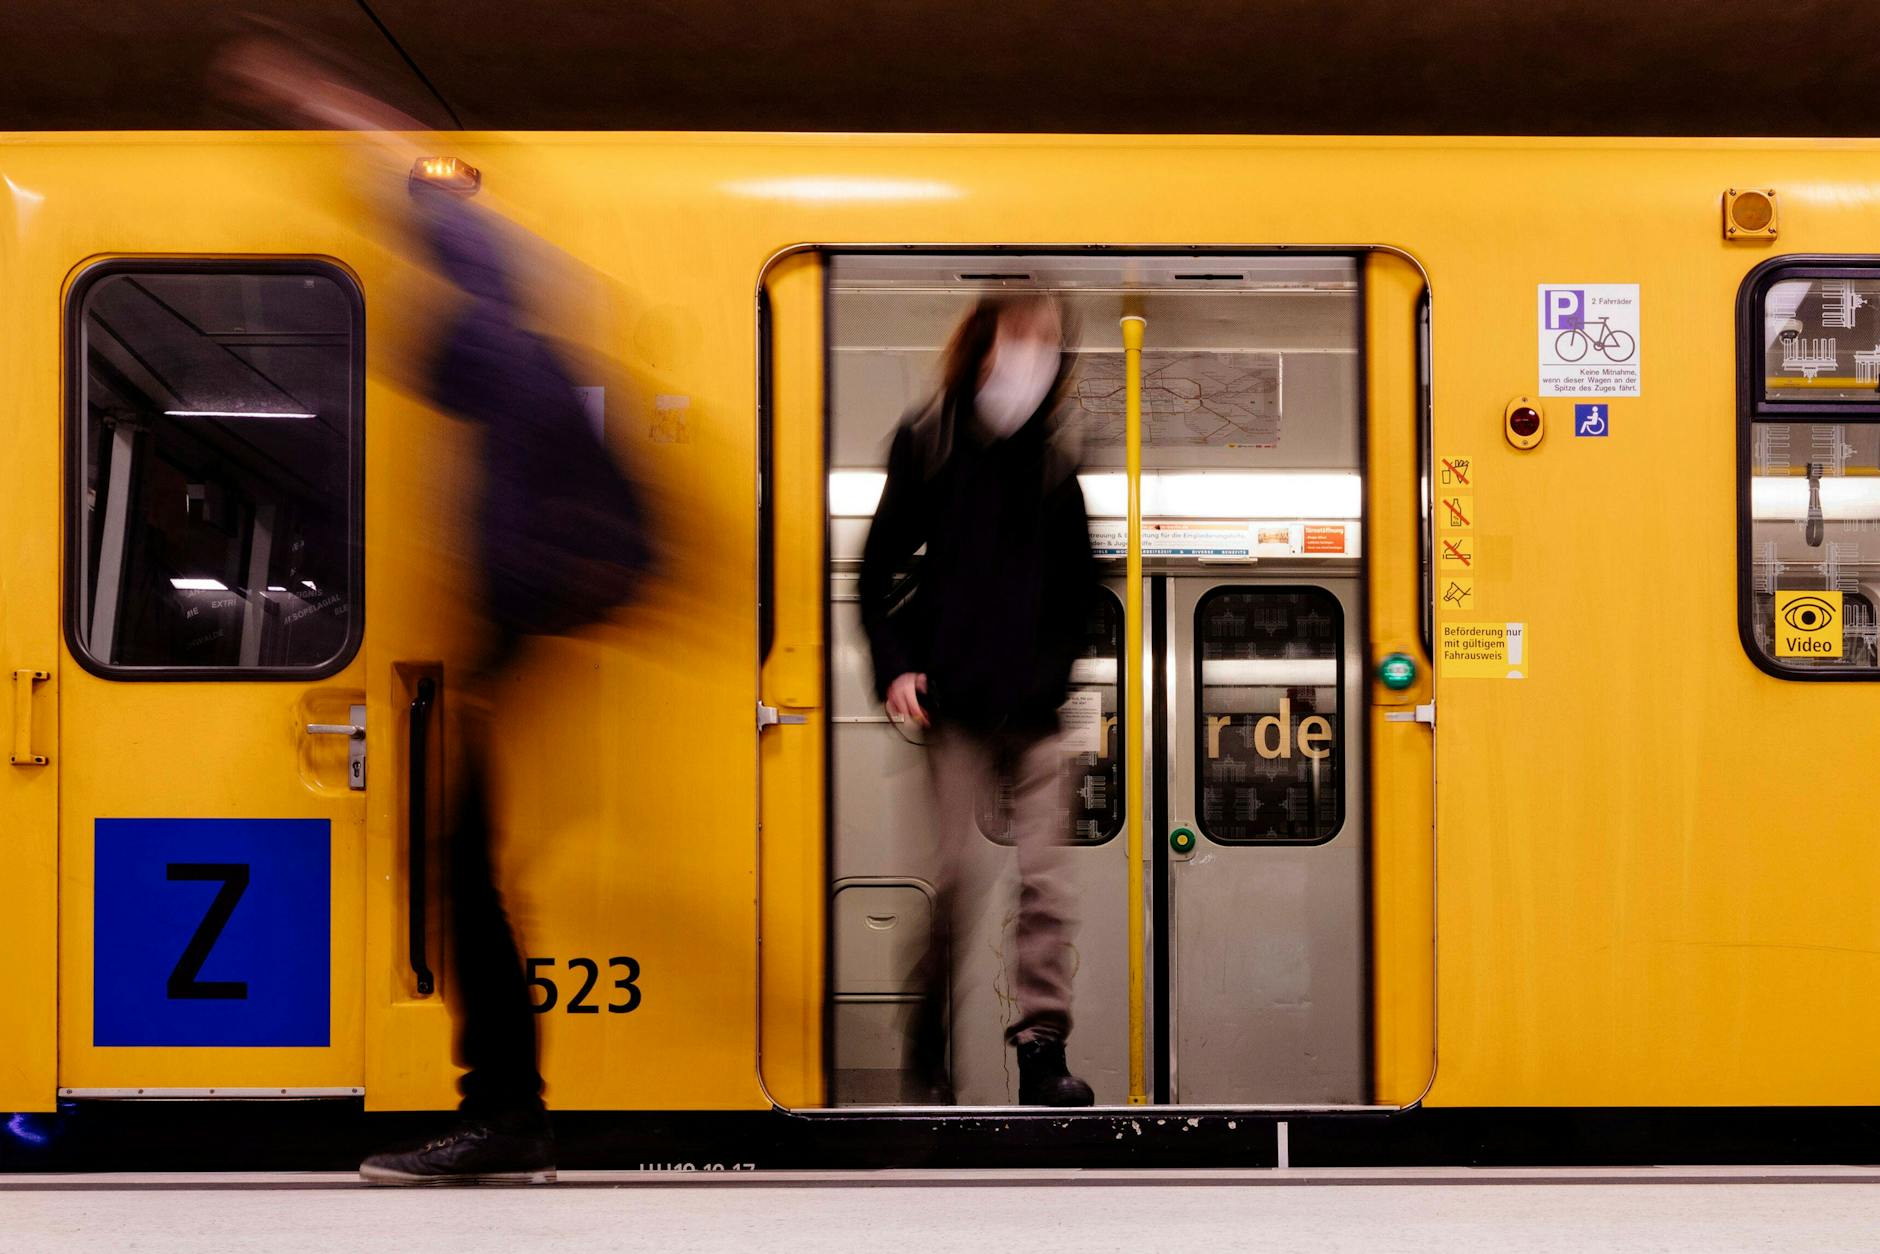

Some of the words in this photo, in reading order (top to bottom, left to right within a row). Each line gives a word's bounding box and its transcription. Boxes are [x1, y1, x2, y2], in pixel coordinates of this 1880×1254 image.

[1591, 297, 1597, 305] 2
[1598, 297, 1632, 305] Fahrräder
[1550, 290, 1578, 329] P
[1588, 377, 1611, 385] Wagen
[1594, 385, 1616, 393] Zuges
[1444, 626, 1503, 638] Beförderung
[1444, 638, 1460, 648] mit
[1462, 638, 1505, 649] gültigem
[1786, 636, 1832, 652] Video
[1444, 650, 1502, 660] Fahrausweis
[1254, 697, 1333, 760] de
[166, 863, 250, 1000] Z
[526, 956, 642, 1014] 523
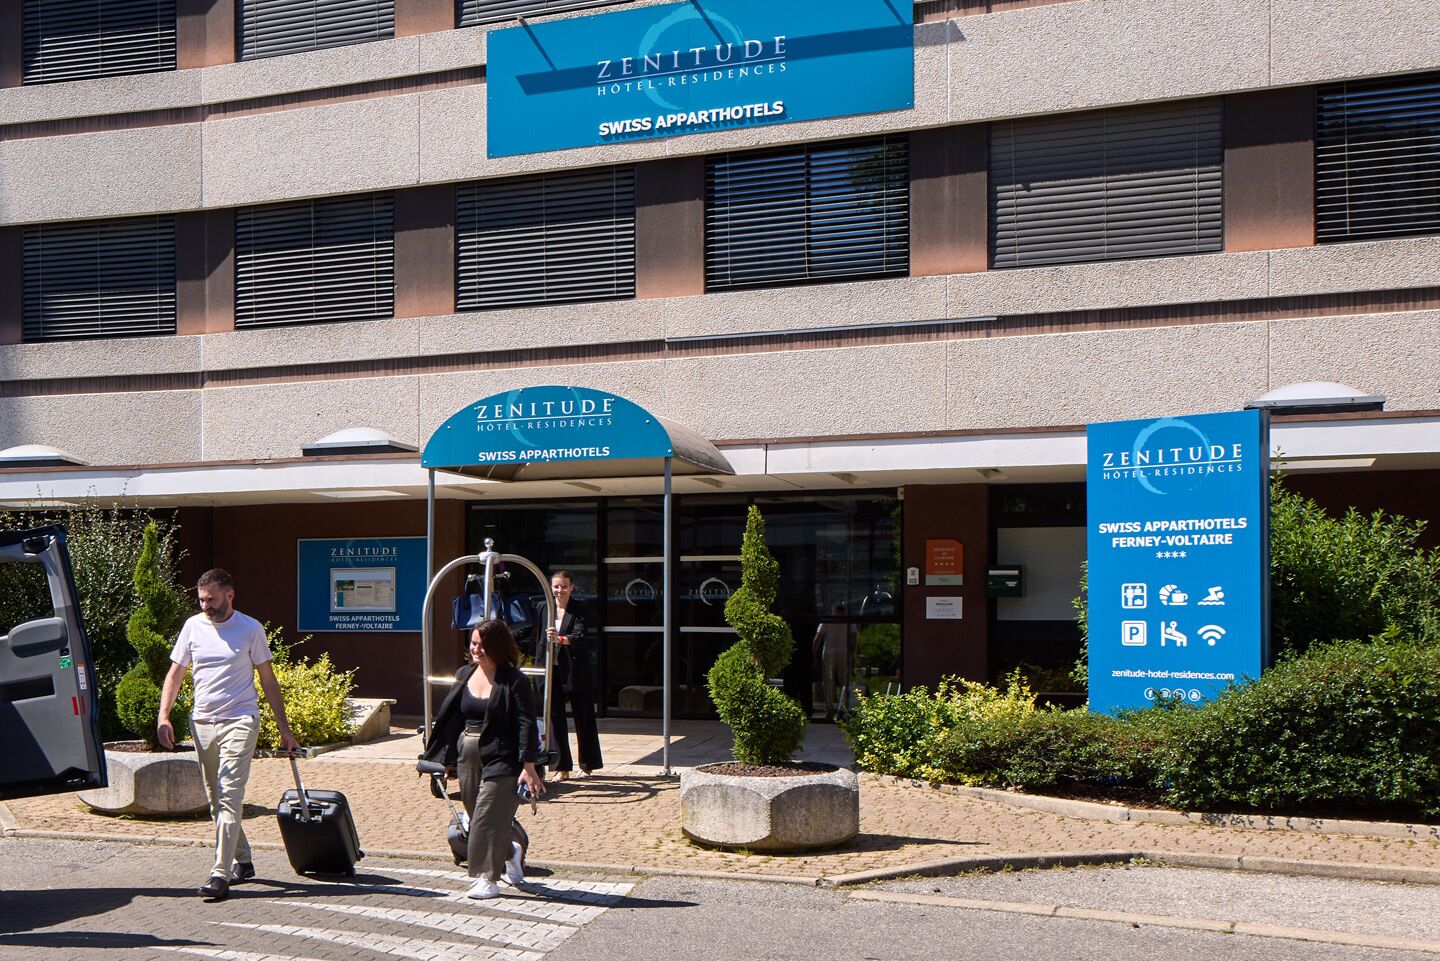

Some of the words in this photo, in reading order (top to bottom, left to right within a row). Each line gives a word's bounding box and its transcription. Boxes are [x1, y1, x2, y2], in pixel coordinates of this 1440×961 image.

━━━━━━━━━━━━━━━━

Would you retype the entries above in full, exactly as written, minus the pictures?

Some of the words in this photo, in reading order (top to bottom, left to right within a row). Each line gives a word's bounding box and its transcription. Boxes are [x1, y1, x2, y2], in pixel coordinates of this 1880×1254 image.

[1591, 297, 1597, 305] 2
[1598, 297, 1632, 305] Fahrräder
[1550, 290, 1578, 329] P
[1588, 377, 1611, 385] Wagen
[1594, 385, 1616, 393] Zuges
[1444, 626, 1503, 638] Beförderung
[1444, 638, 1460, 648] mit
[1462, 638, 1505, 649] gültigem
[1786, 636, 1832, 652] Video
[1444, 650, 1502, 660] Fahrausweis
[1254, 697, 1333, 760] de
[166, 863, 250, 1000] Z
[526, 956, 642, 1014] 523

Some of the words in this photo, in reading order (top to bottom, left to right within a row). Each line gives a word's bounding box and its transcription. Boxes are [x1, y1, x2, y2], in pixel coordinates of this 1440×961 image.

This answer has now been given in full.